Motel development change rattles neighbours' cages
NEIGHBOURS of a controversial Yamba motel development are up in arms over a change in plans that removes the building's original selling point to councillors.
A neighbour of the proposed demolition and reconstruction of the Surf Motel in Queen St said the architects DesignKing Company Architects have submitted a plan to remove a small ground floor cafe from the four-storey development.
Rory Gordon, who owns a holiday apartment two doors down from the proposed development, said the developers had submitted a design modification that removed the cafe from the plan, to this month's Clarence Valley Council meetings.

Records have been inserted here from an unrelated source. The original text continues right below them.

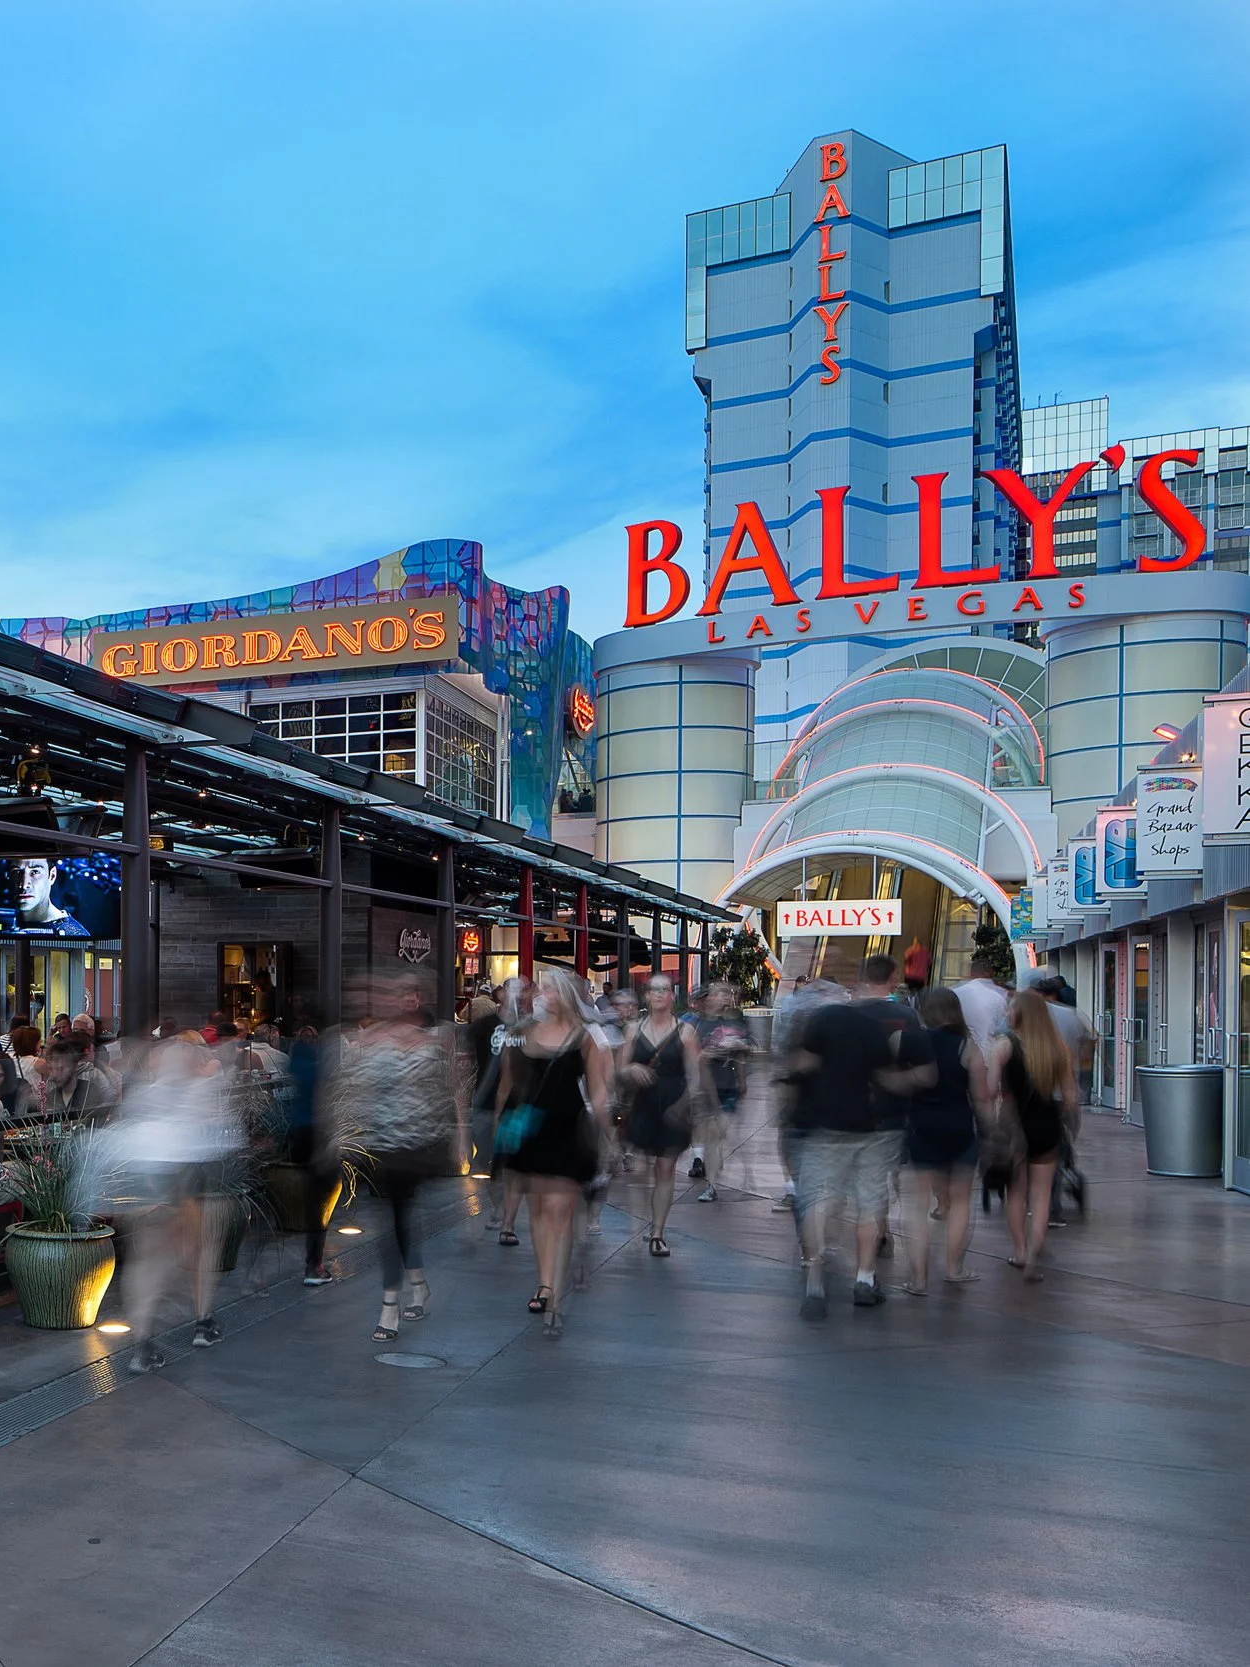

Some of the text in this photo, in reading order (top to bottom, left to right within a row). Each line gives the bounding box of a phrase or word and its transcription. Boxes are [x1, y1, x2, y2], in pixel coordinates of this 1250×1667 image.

[623, 444, 1206, 628] BALLY'S
[707, 582, 1087, 643] LAS VEGAS
[102, 608, 446, 677] GIORDANO'S
[1147, 796, 1193, 817] Grand
[1143, 819, 1198, 836] Bazaar
[796, 907, 881, 927] BALLY'S

"What they're proposing is too big a variation from the original plan to be a modification,” Mr Gordon said.
"They at least need to submit a new DA, which would need to go on public exhibition.”

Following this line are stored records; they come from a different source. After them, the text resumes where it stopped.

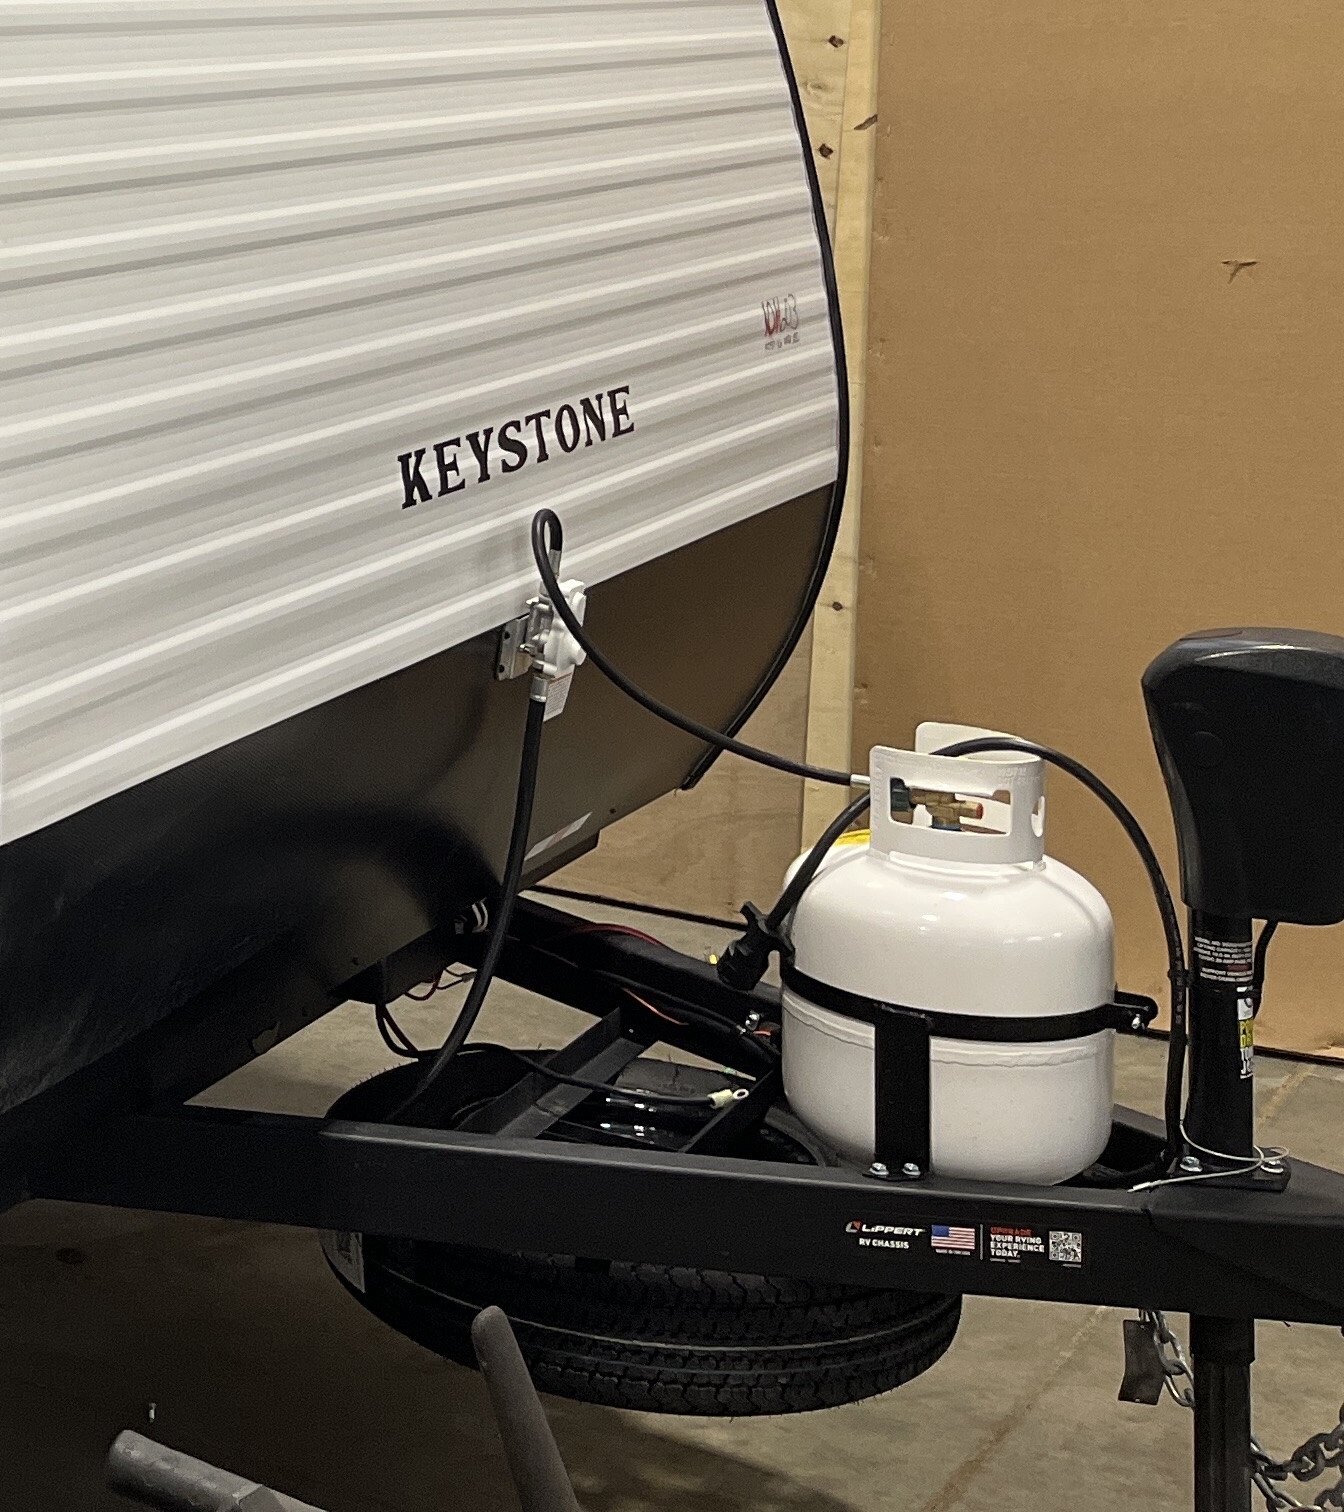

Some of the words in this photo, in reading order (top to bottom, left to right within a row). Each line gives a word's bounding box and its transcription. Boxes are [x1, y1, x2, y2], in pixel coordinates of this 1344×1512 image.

[397, 385, 635, 509] KEYSTONE
[858, 1237, 871, 1247] RV
[872, 1239, 910, 1250] CHASSIS
[990, 1234, 1013, 1243] YOUR
[990, 1241, 1045, 1253] EXPERIENCE

The council approved the development at its September 2015 meeting, but several councillors who supported the development had reservations.
The plans did not meet council's development control plan recommendations for setback from the footpath, building height or parking requirements.
It was the prospect of the cafe adding "vibrancy” to the precinct that swayed at least one councillor to change his vote in support of the development.
"Developers swayed council with the promise of a cafe offering a valuable public benefit in the area, but the cafe has now been removed from the plan,” Mr Gordon said.
"What is left is a complex towering over and dwarfing adjoining properties, that will destroy the village atmosphere that has given Yamba its much-loved character for more than a century.”
But architect Jon King, whose Sydney-based company DesignKing designed the boutique hotel, dismissed the claims.
"These are the allegations of neighbours who want to stop the development,” Mr King said.
"From our perspective the object is to build a boutique hotel.
"The cafe was going to be constrained by the entry foyer usage and storage areas so it would probably not be viable.
The owners could see from the number of cafes in the area it was not going to be a viable addition to the area.”
Mr King said the design change allowed more setback from the footpath, which had been one of the council's consideration.
"It's at least a storey taller than the other buildings and its design will stick out compared to the other buildings in the area,” Mr Gordon said.
Clarence Valley Council has confirmed the proposed changes will be discussed at this month's meetings.